Overall, both the number of private equity deals and their total value have been rising since 2016, which is a very positive sign for chemical API CMOs. Half the 2016–2018 deal values were not disclosed, which pushes the true combined values higher but also means that an absolutely definitive trend in deal values cannot be drawn. It is clear, though, that the rise in the number of private equity deals in the chemical API field bucks overall investment trends. A recent McKinsey report, entitled ‘The Rise and Rise of Private Equity’, found that private equity deals across every sector declined in number by 8% between 2016 and 2017, although deal values rose 14%.

Private equity deal activity for chemical API CMOs, 2016–2018

Note: Excludes undisclosed deal values. Source: GlobalData Pharma Intelligence Center Deals Database (accessed April 5, 2019)

Private equity average deal value for chemical API CMOs, 2016–2018

Note: Excludes undisclosed deal values. Source: GlobalData Pharma Intelligence Center Deals Database (accessed April 5, 2019)

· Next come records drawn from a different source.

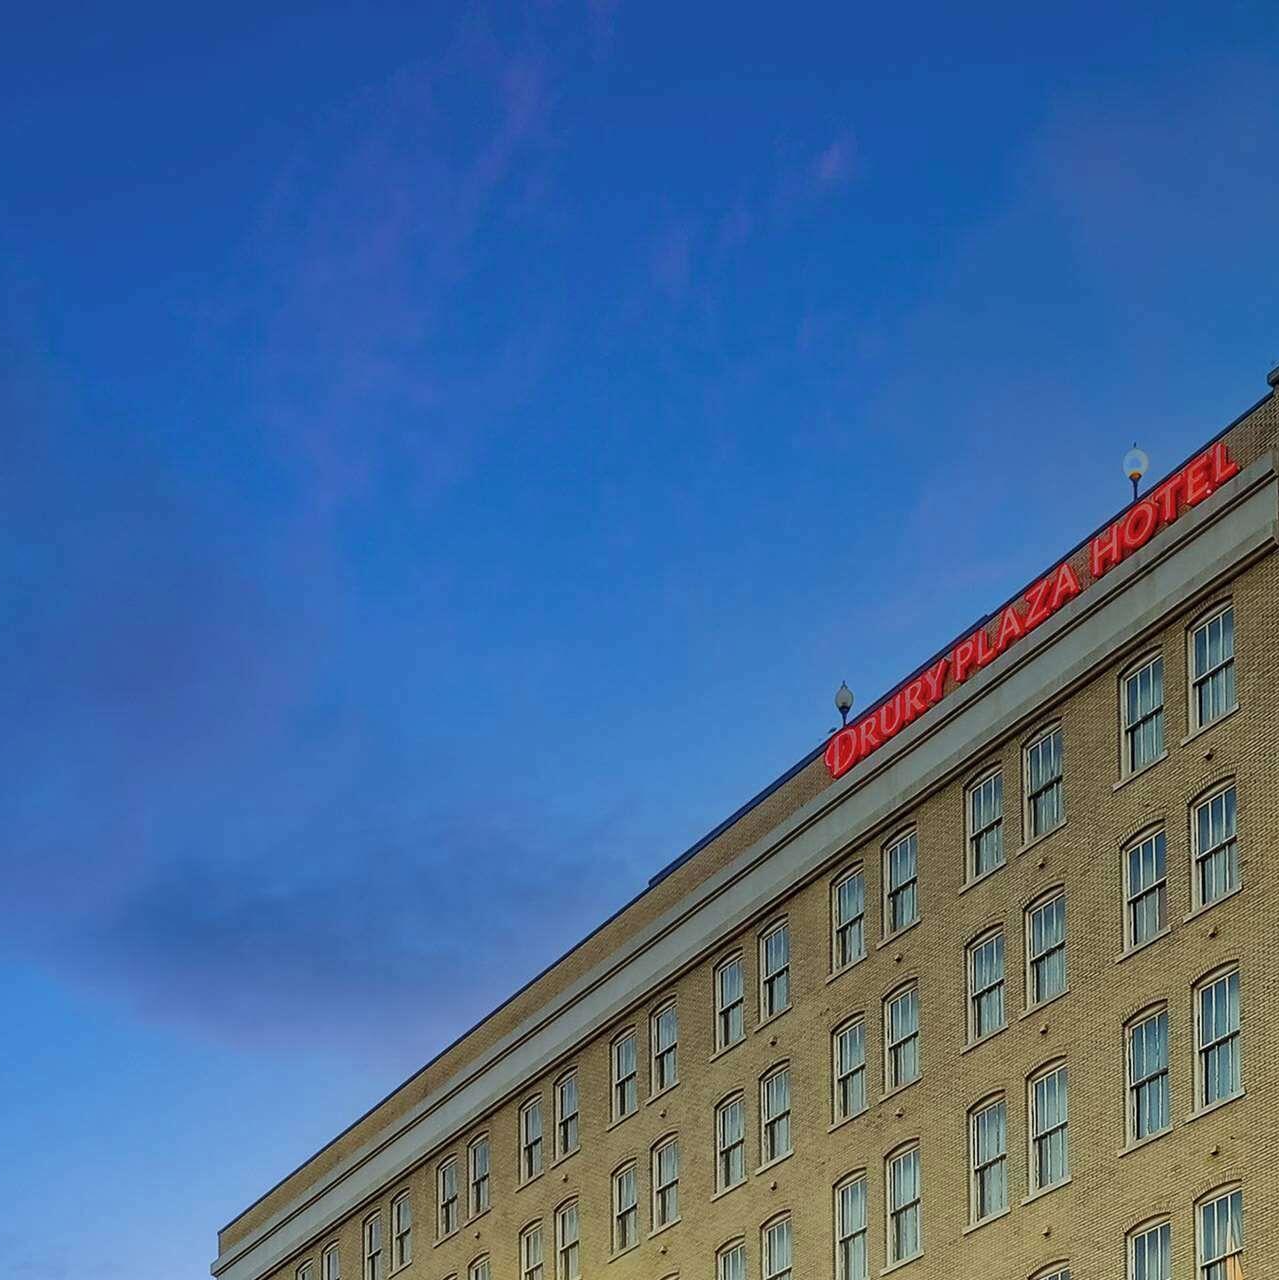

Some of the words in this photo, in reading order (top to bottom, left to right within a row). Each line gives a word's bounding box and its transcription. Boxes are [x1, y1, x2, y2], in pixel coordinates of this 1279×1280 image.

[824, 657, 951, 780] DRURY
[951, 562, 1082, 683] PLAZA
[1089, 441, 1240, 578] HOTEL
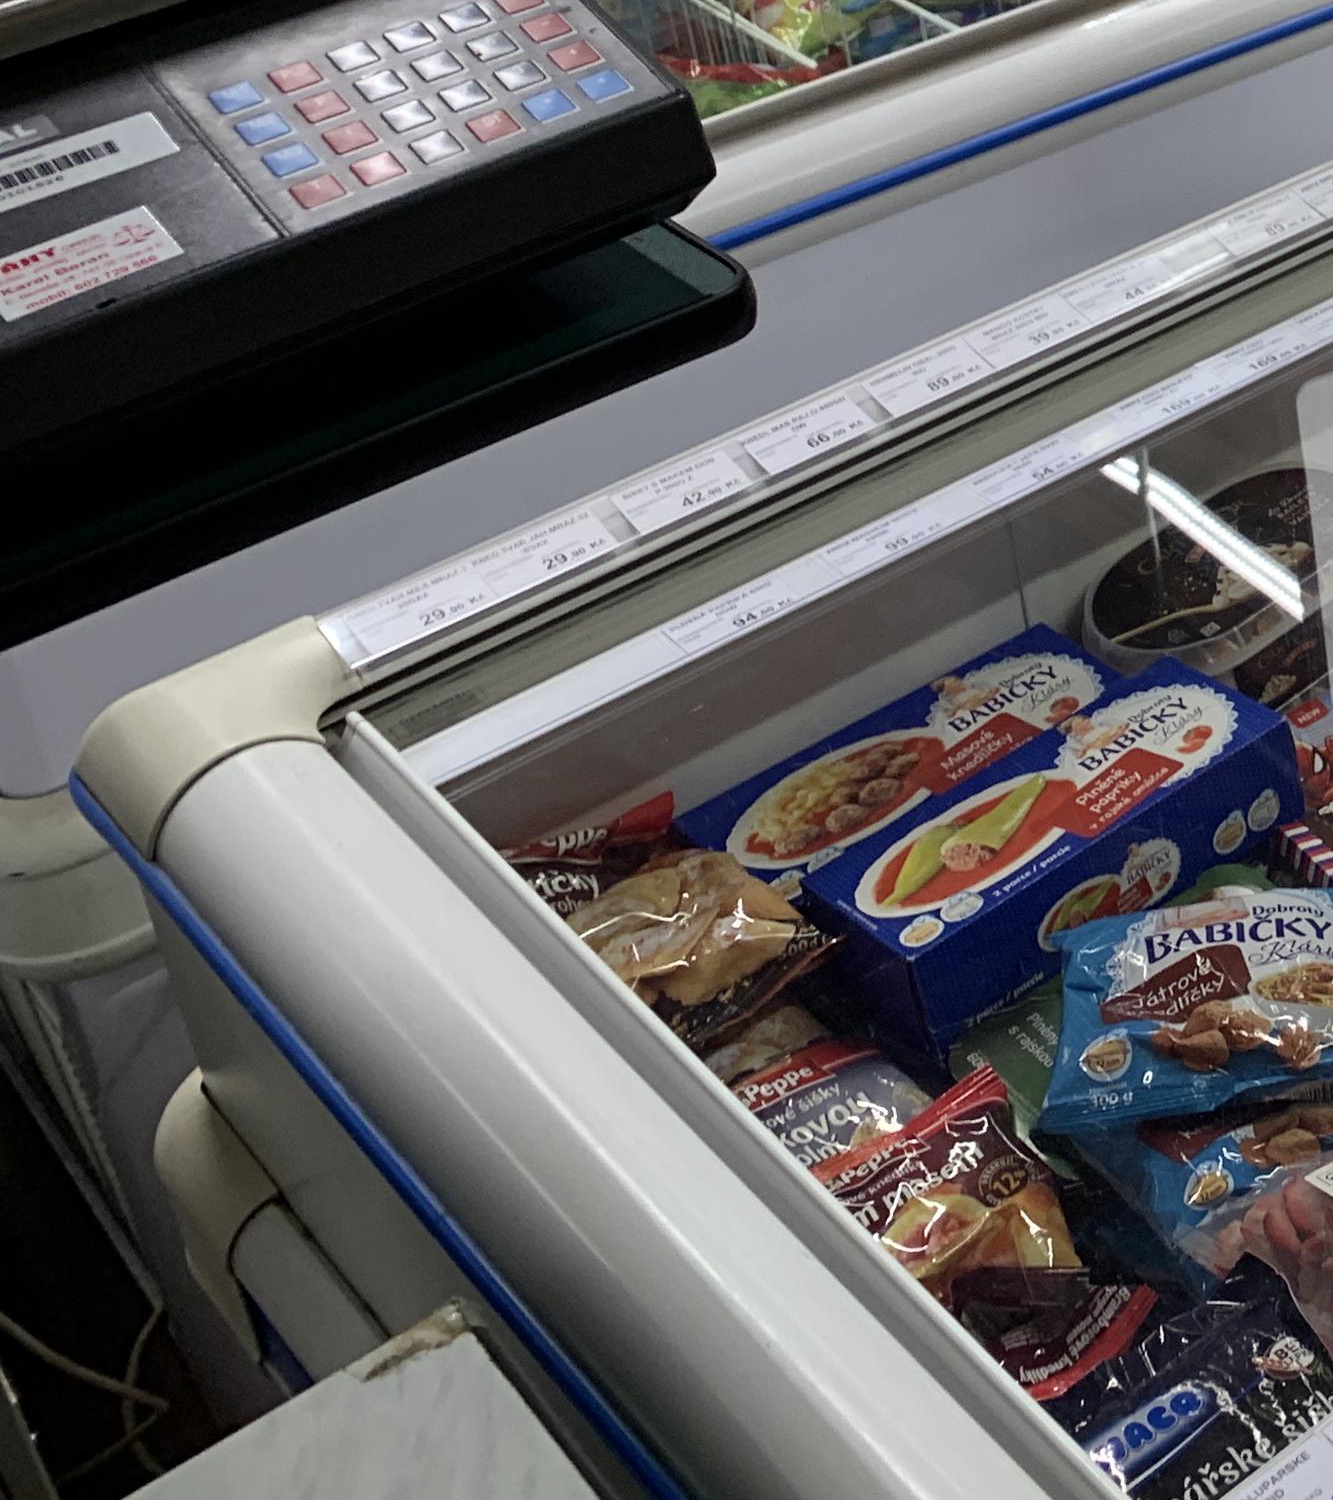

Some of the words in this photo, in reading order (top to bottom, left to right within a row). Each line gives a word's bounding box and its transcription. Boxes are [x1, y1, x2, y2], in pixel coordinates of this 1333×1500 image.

[947, 663, 1058, 733] BABIČKY
[1298, 706, 1321, 724] NEW
[940, 729, 995, 771] Masové
[947, 731, 1014, 782] knedlíčky
[1078, 696, 1189, 772] BABIČKY
[1074, 767, 1126, 807] Plněné
[1089, 770, 1142, 815] papriky
[1099, 794, 1132, 824] rajské
[1001, 871, 1031, 894] porce
[1039, 844, 1072, 867] porcie
[1251, 903, 1325, 922] Dobroty
[1144, 914, 1333, 964] BABIČKY

Excess capacity contract service providers, which produce their own products and offer contract services using their excess production capacity, are also included in this analysis of private equity deals.

Therefore, contract services for some of these deals may not be the acquirer’s primary target. The figure below shows that while the majority of deals were for dedicated contract CMOs, the largest combined deal value is attributable to excess capacity CMOs at $3.4 billion. Dedicated contract CMOs, which exclusively offer contract services, had deal value totalling $929 million.

There was only one recorded acquisition of a private label company, which was SK Capital Partners’ acquisition of Perrigo Company Plc (Dublin, Ireland) for $110 million. Private label companies produce drug products for sale under another company’s brand. They tend to have only a few clients and are much rarer than dedicated contract companies.